In Kenya, the idea is similar, but in general in the developing world we have very limited information, and the resources are not there for major surveys like in Europe. In order to remedy that the idea is again to use crowdsourcing and use a “bounded crowd” which means people who have a certain level of expertise, and know about land cover and land use, for example people with a surveyor background, university students, or interested citizens who can be trained. But in developing countries in particular it’s important to use financial incentives. Financial incentives, even small ones, could probably help to collect much larger amounts of data. Kenya is a good choice also because it has quite a good internet connection, a 3G network, and a lot of new technologies evolving around mobile phones and smartphone technology.

What will happen with the data you collect during this project?
First, we will analyze the data in terms of quality.  One of our research questions is how good are the data collected by volunteers compared to data collected by experts. Another research question is how can imperfect but large data collected by volunteers be filtered and combined so that it becomes useful and fulfills the scientific accuracy requirements.

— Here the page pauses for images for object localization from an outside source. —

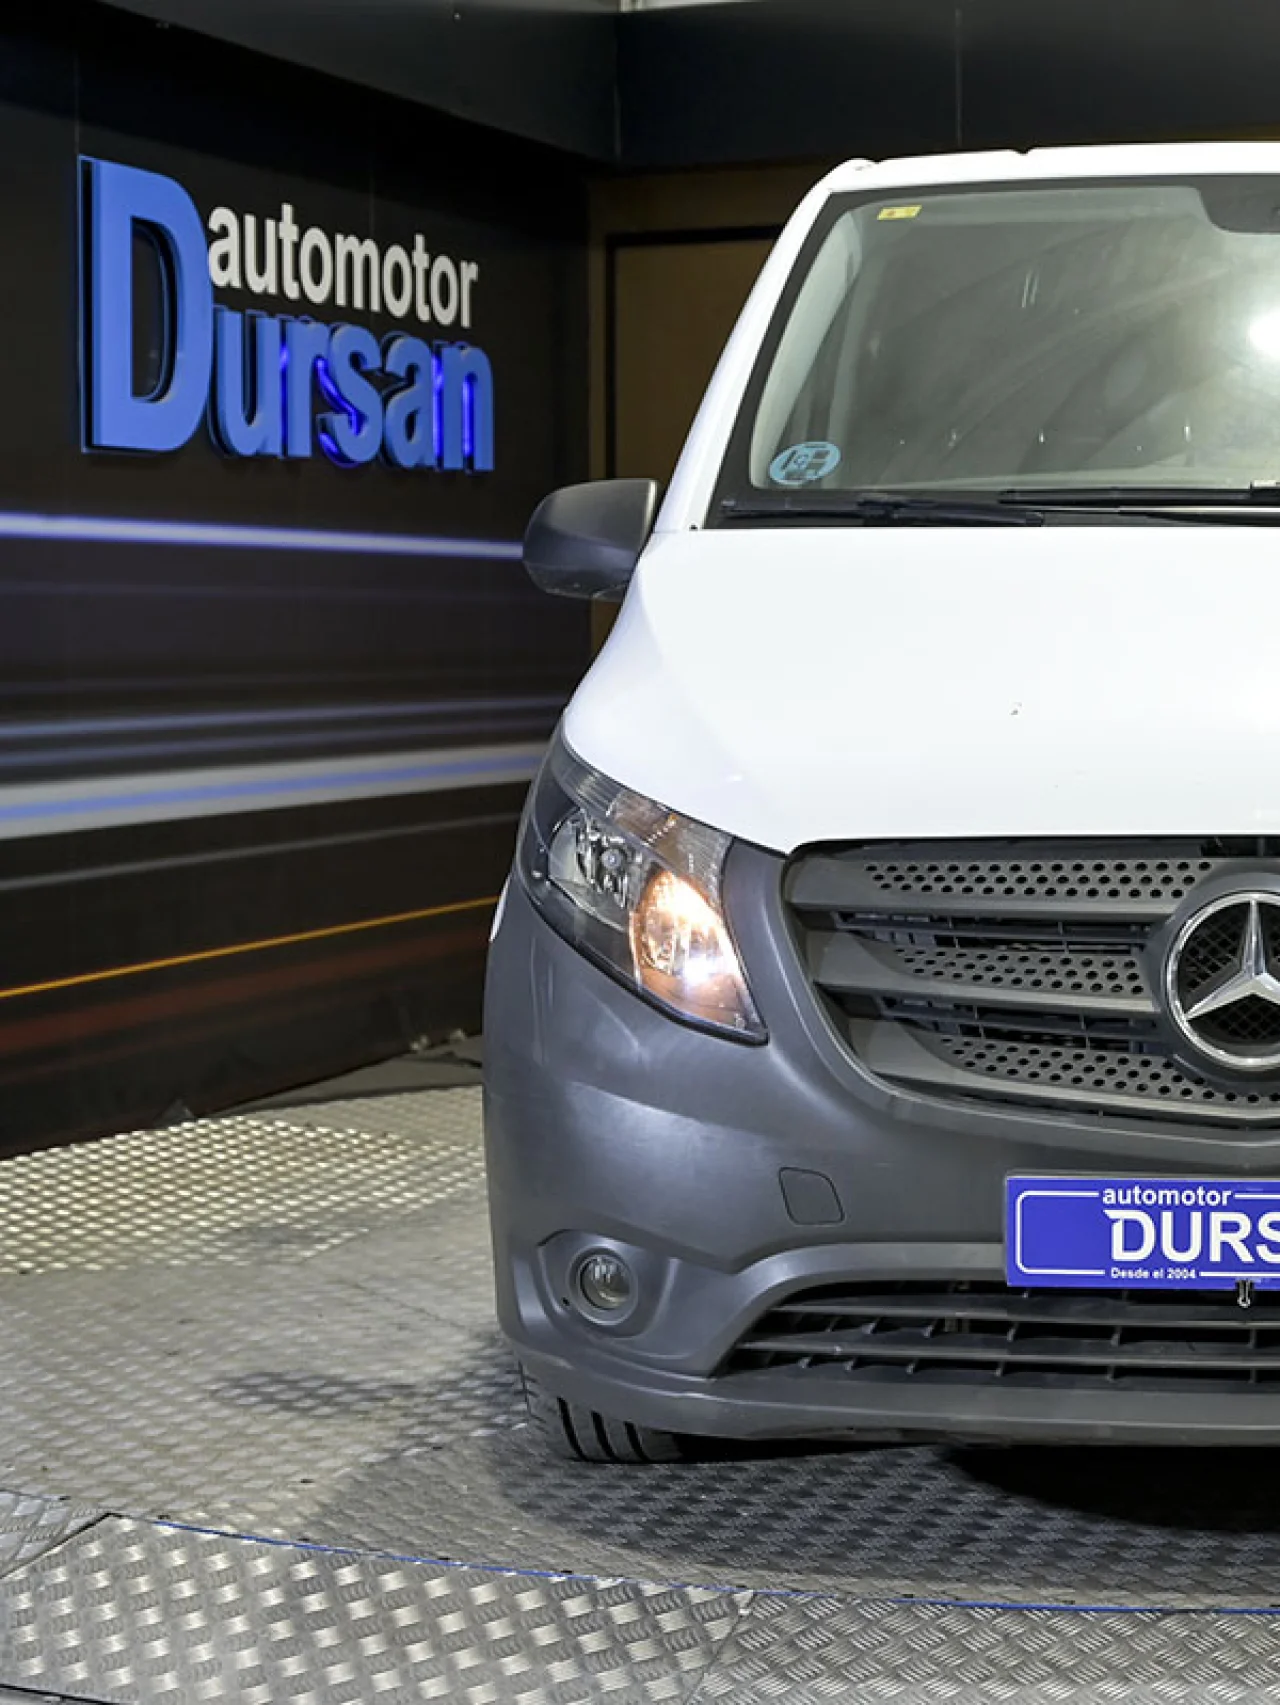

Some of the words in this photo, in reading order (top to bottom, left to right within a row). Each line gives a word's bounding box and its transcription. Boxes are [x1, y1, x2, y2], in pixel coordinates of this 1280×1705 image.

[208, 202, 479, 328] automotor
[77, 153, 495, 474] Dursan
[1102, 1185, 1233, 1206] automotor
[1111, 1266, 1150, 1280] Desde
[1152, 1266, 1164, 1280] el
[1166, 1267, 1197, 1280] 2004
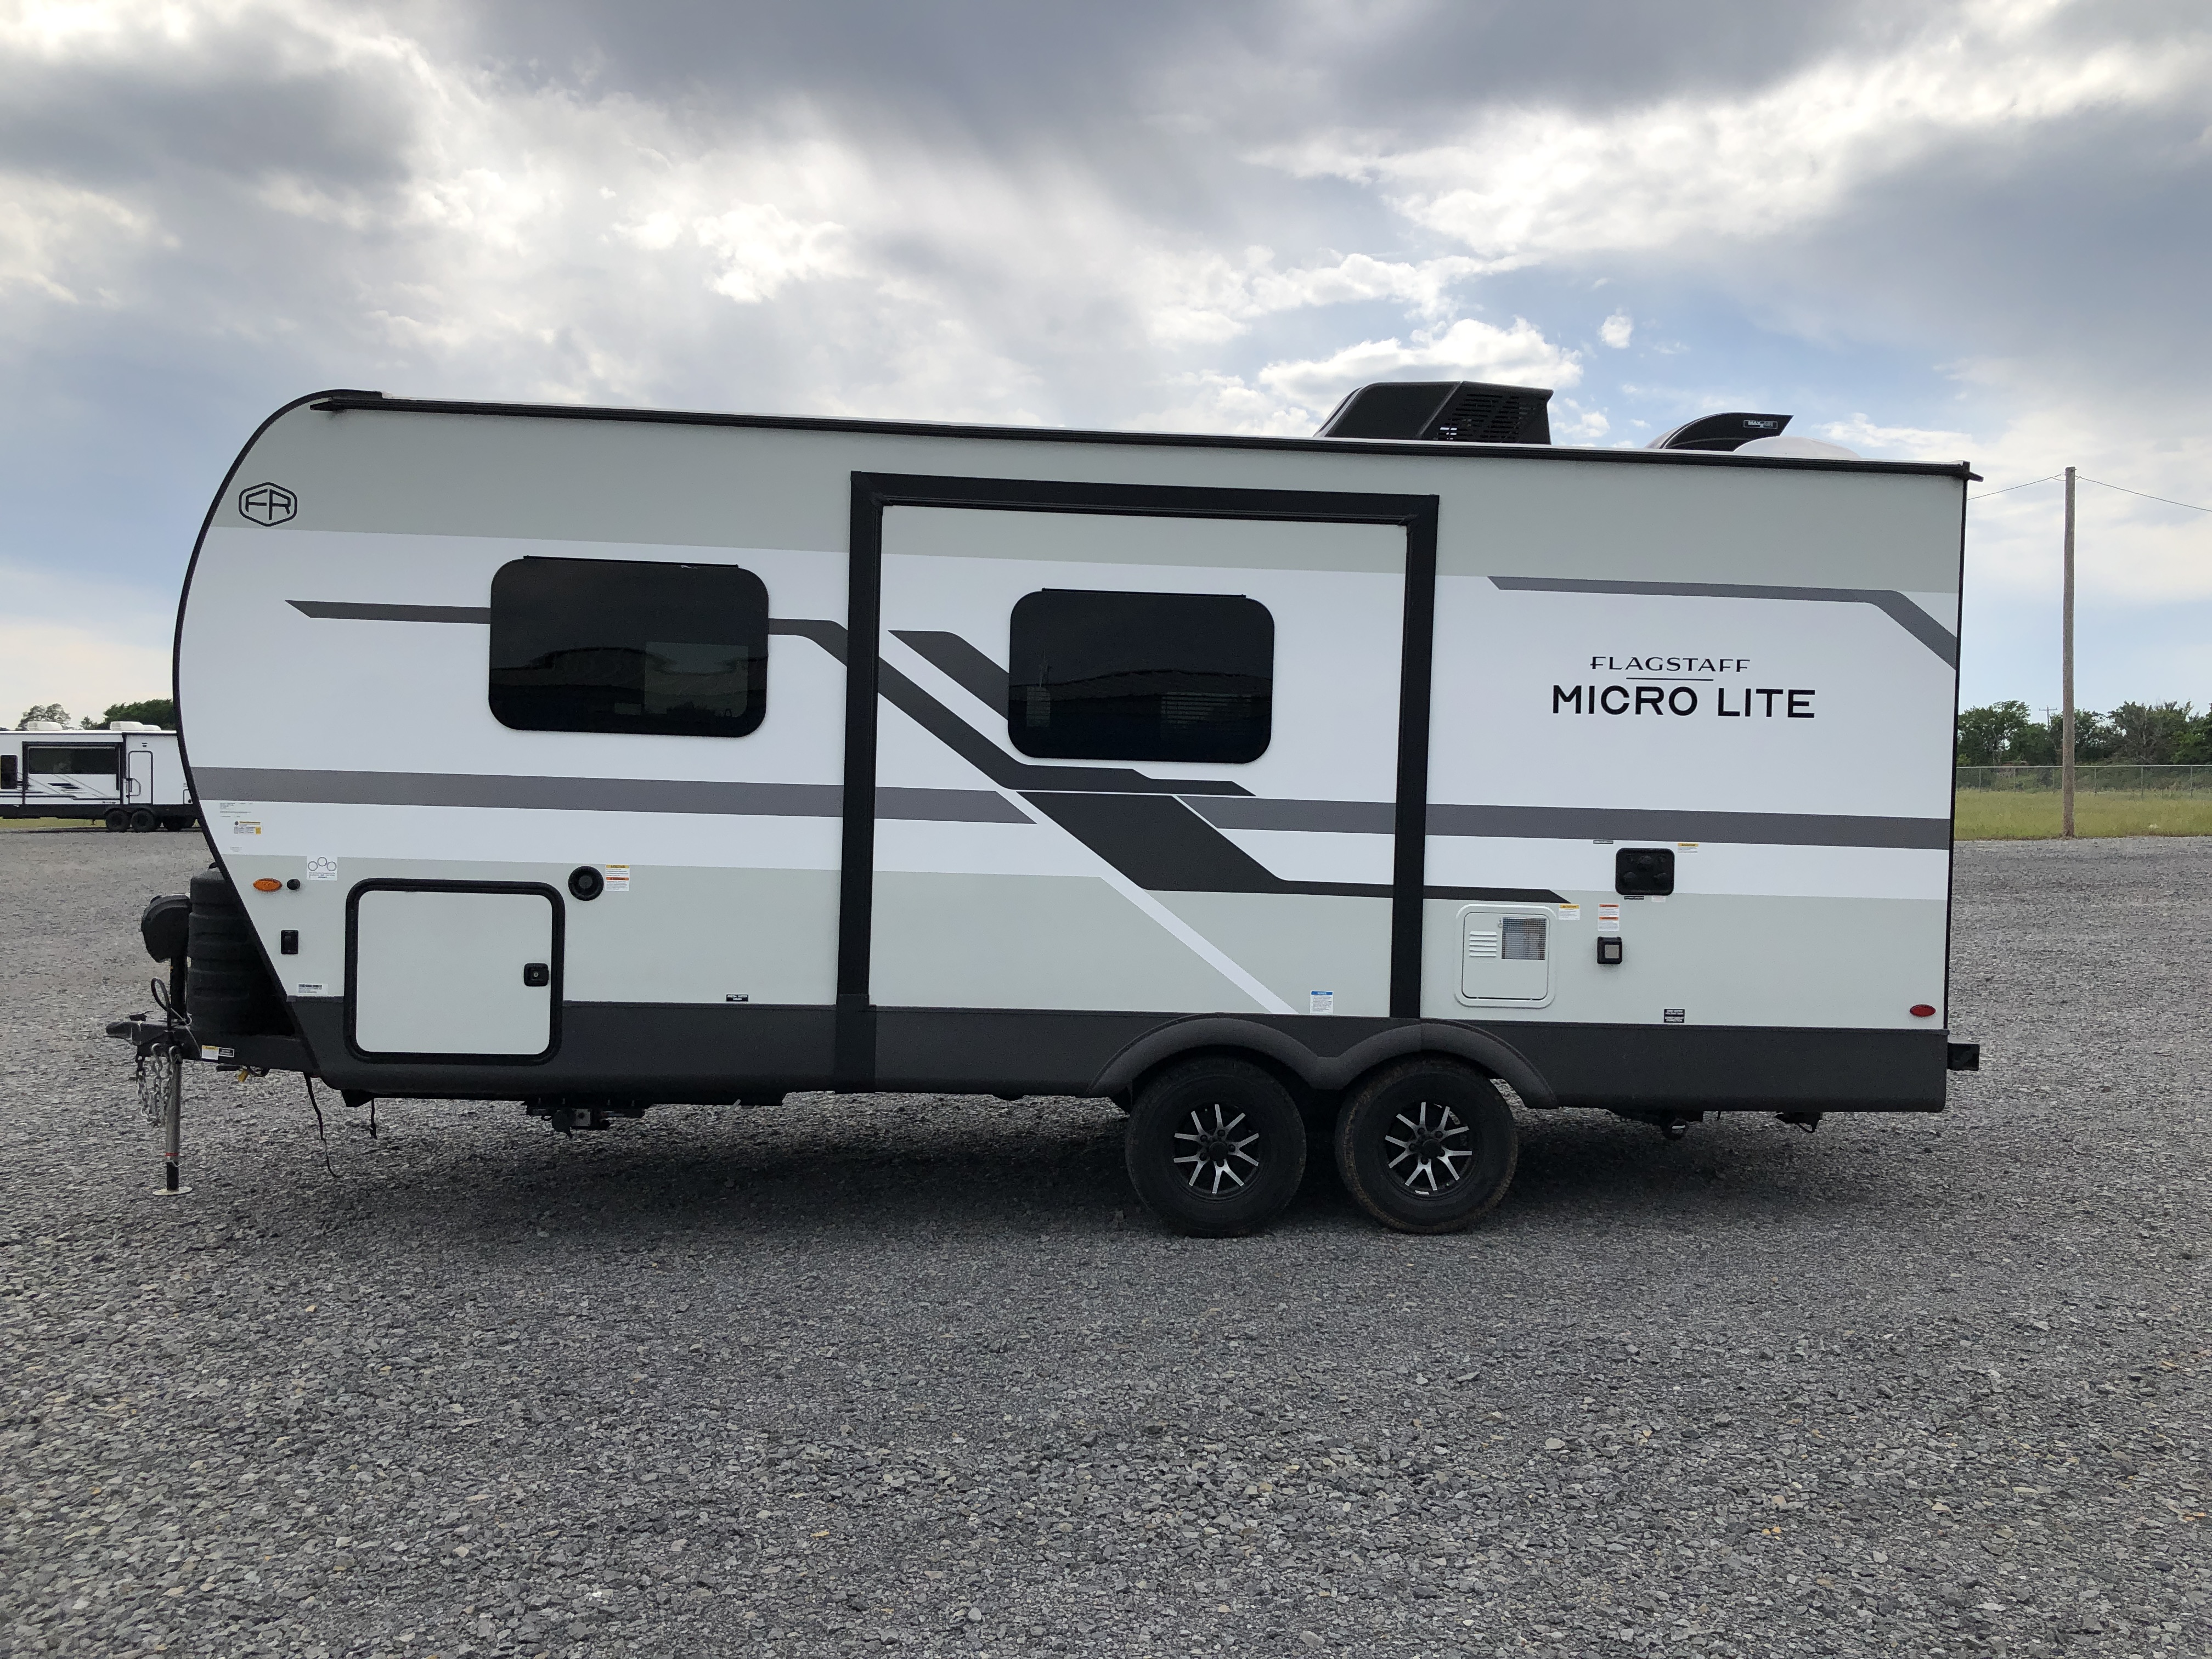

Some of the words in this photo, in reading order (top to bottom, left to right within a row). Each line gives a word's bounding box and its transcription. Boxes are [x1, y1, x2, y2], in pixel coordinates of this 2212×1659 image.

[245, 488, 291, 521] FR
[1590, 656, 1751, 673] FLAGSTAFF
[1553, 685, 1698, 716] MICRO
[1717, 688, 1815, 718] LITE

Then we will use these data and integrate them into currently existing land use and land cover data, and find ways to make better use of it. For example, in order to make projections about future land-use and to better quantify current yield gaps it is crucial to get accurate current information on land-use, including spatially explicit information on crop types, crop management information and other data.

Once we have done some quality checks we will also make these data available for other researchers or interested groups of people.

Crowdsourcing for land cover is in its infancy. There have been lots of crowdsourcing projects in astronomy, archaeology, and biology, for example, but there hasn’t been much on land use, and there is huge potential there. ”We need to not only better understand the quality of the data we collect, but also expand the network of institutions who are working on this topic.”

Note: This article gives the views of the interviewee, and not the position of the Nexus blog, nor of the International Institute for Applied Systems Analysis.